The upstream business has been primarily hit by two issues. Global crude oil benchmarks have gone into freefall for over a year, and are still trying to find a viable bottom. On the other hand, the company is fighting off falling volumes and prolonged litigation.

The Panna-Mukta oilfields, off the Gujarat coast and RIL’s first upstream investment, have seen volumes fall 12 per cent year-on-year. The Tapti gas field will be wound down by March, RIL said in its latest investor presentation, on account of natural decline.

Tapti produced 0.76 billion cubic feet of gas and (bcf) and 0.04 million barrels of oil and condensate, compared to 3 bcf and 0.05 million barrels in the year-ago period.

At its flagship KG-D6 fields as well, RIL blamed falling production on the natural decline of the fields, producing 34.47 bcf of gas and 0.42 million barrels of oil and condensate in the December quarter, while also having trimmed the number of fields from the original 23 blocks to now just four. Both fields are also the subject of arbitration over pricing. Globally, in its US-based shale business, RIL has been hit hard, as benchmarks Henry Hub and WTI touched multi-year lows in December.

Operating profit from the segment fell nearly 90 per cent year-on-year to ₹61 crore. At a recent press briefing, V Srikanth, Joint CFO, said the company will cut capital expenditure in shale from $1.2 billion in 2014 to $500 million in 2016.

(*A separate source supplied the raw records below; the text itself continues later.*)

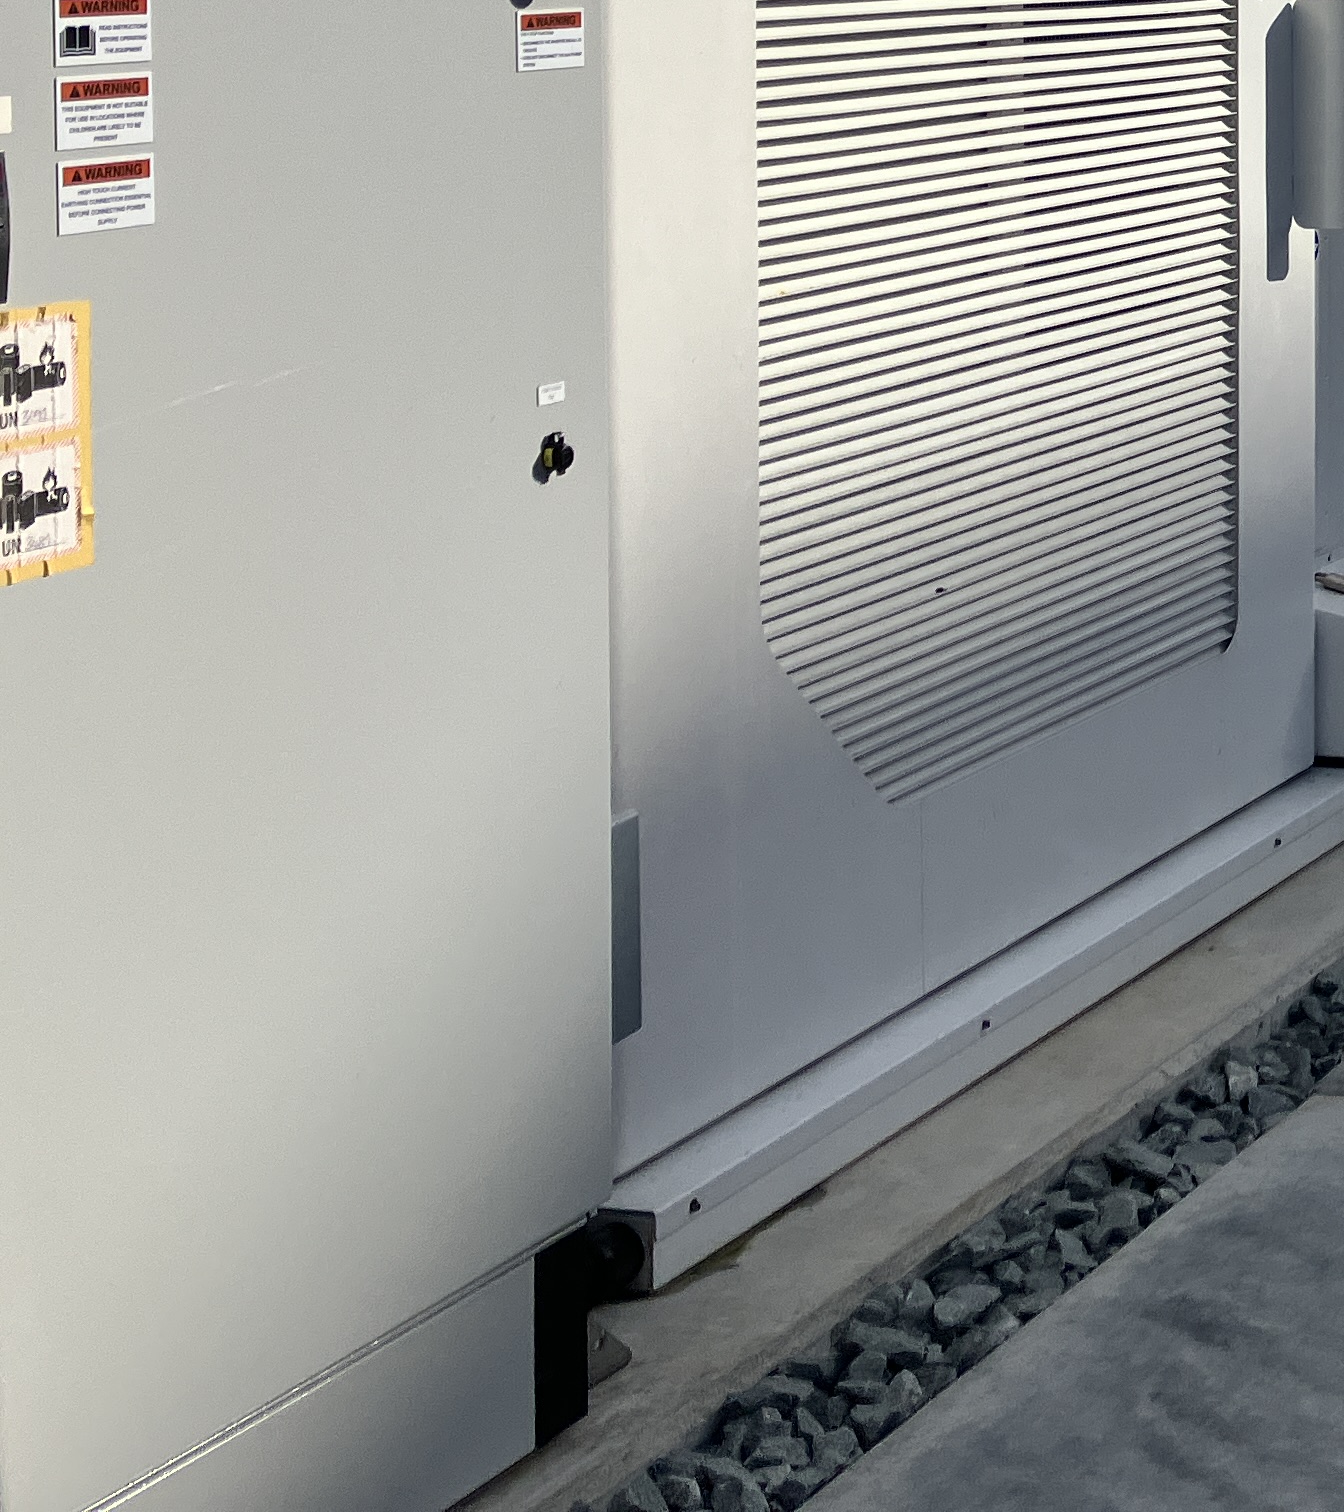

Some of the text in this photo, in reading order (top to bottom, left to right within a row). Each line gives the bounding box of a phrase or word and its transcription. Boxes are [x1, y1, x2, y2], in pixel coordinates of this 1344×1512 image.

[81, 0, 139, 14] WARNING
[82, 81, 141, 97] WARNING
[84, 163, 143, 181] WARNING
[0, 410, 18, 429] UN
[2, 537, 21, 557] UN
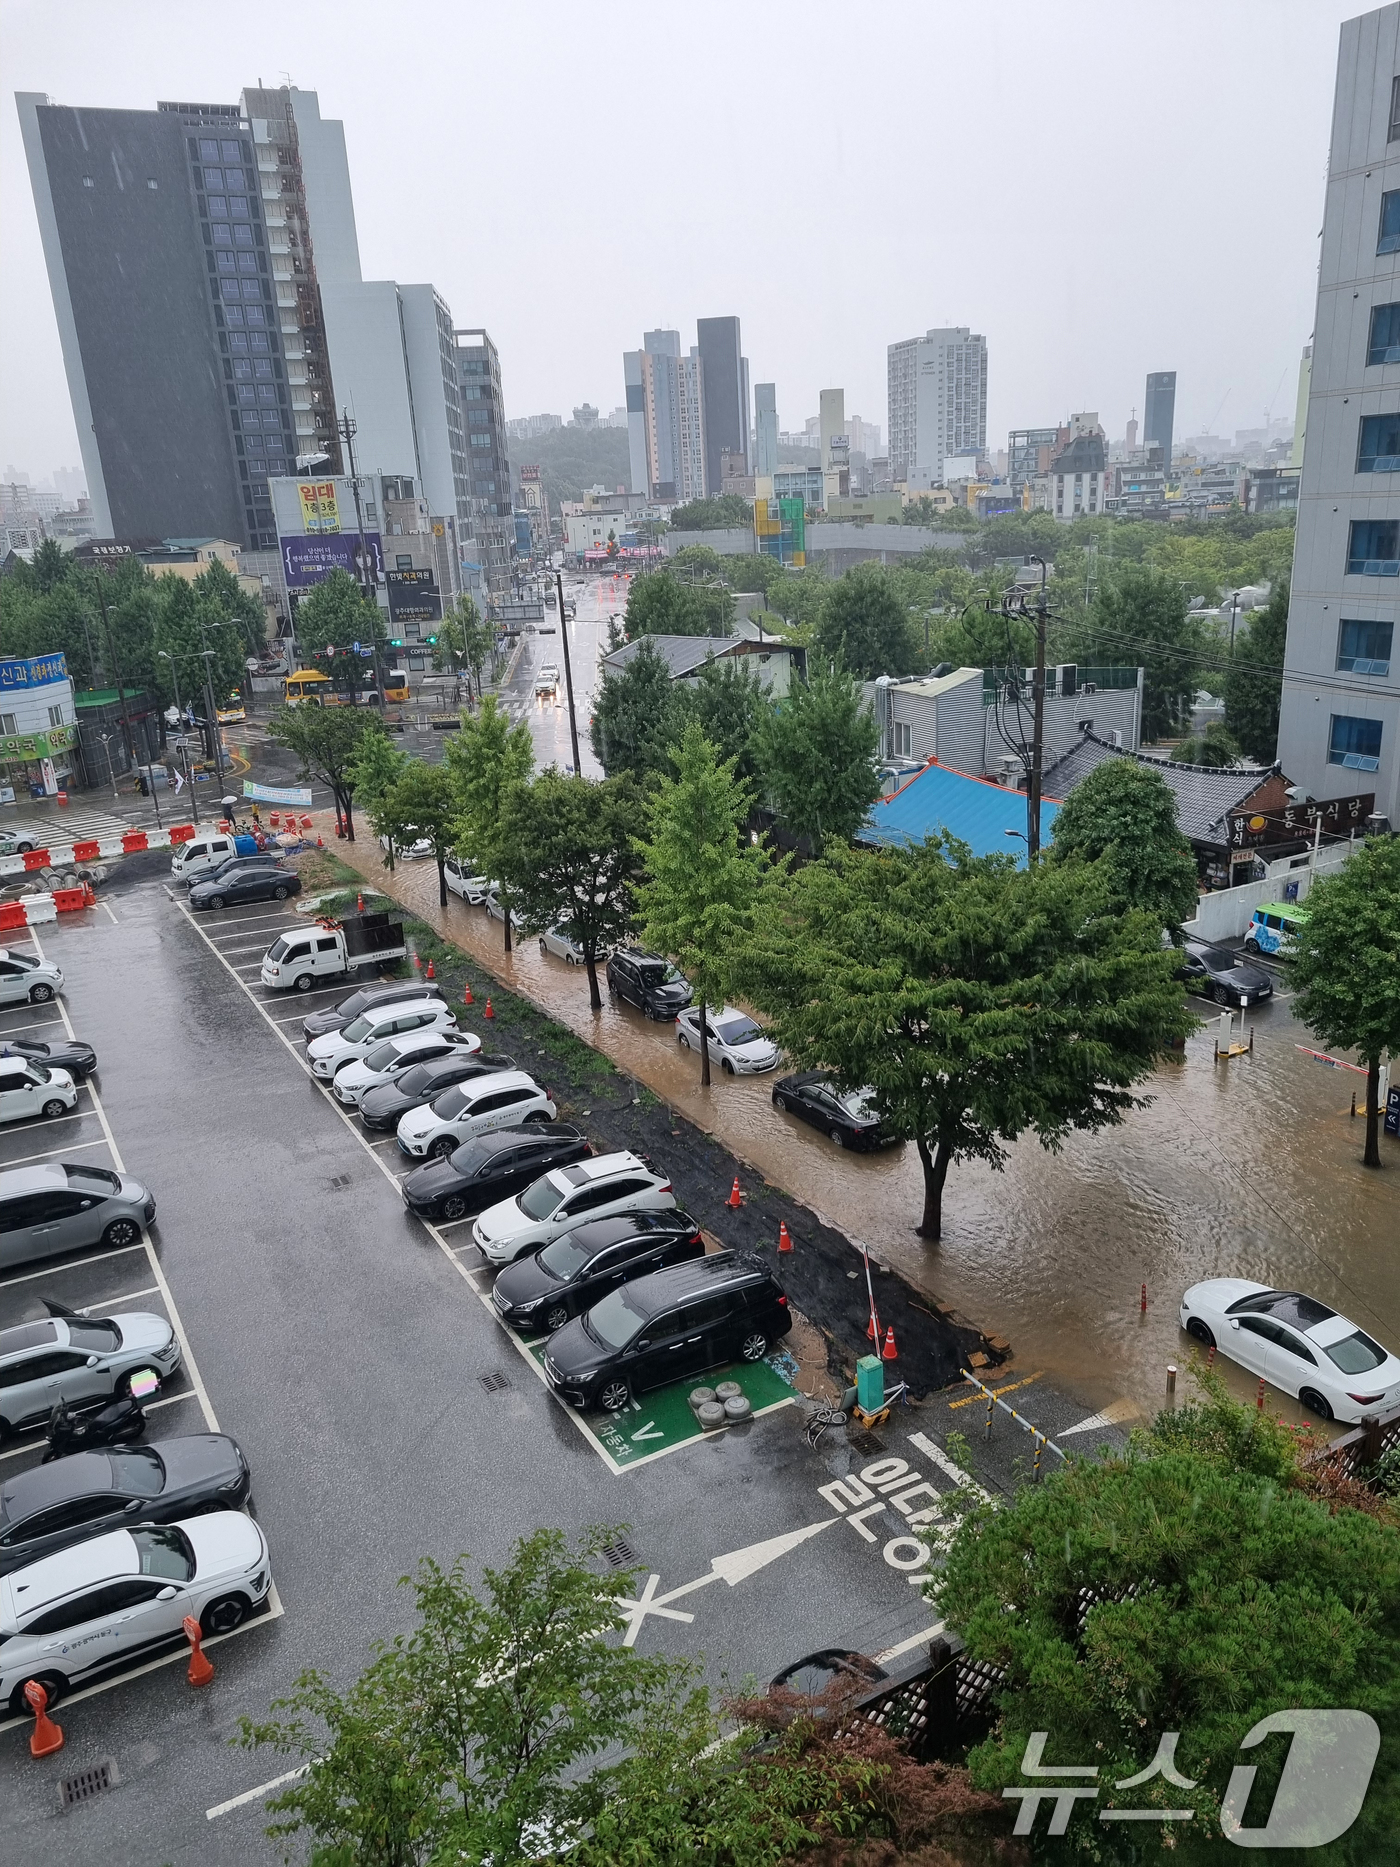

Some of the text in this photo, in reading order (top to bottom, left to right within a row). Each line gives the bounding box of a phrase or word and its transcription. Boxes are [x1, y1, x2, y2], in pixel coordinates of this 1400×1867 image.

[300, 483, 334, 501] 임대
[92, 545, 131, 554] 국제보청기
[50, 731, 68, 748] 약국
[1233, 818, 1245, 845] 한식
[1390, 1093, 1399, 1104] P

The only bright spot in this picture is the three coal bed methane (CBM) fields in Madhya Pradesh, from which gas is expected to flow by end-March. RIL plans to produce 3.5 million standard cubic metres a day of gas from the two Sohagpur blocks in the State.

An analyst, who did not wish to be named, said: “RIL has been lying low on upstream in the last two years or so. It will maintain the status quo on production unless the government allows a price hike in natural gas, especially for CBM. They are not going to be aggressive on capex in E&P either, till then.”

In which case, he says, the next big push for RIL’s stock will depend on how well RJio performs while E&P becomes even less significant over the next few years.

Heavy investment RIL has invested heavily in setting up a pan-India network for RJio, expected to be launched commercially in April. Going by the initial roadmap the company is targeting 100 million subscribers in the first year. Here too, RIL faces stiff competition from incumbent operators.

Airtel, Vodafone and Idea Cellular have ramped up their investment into network and customer care in a bid to be ready for RJio's entry.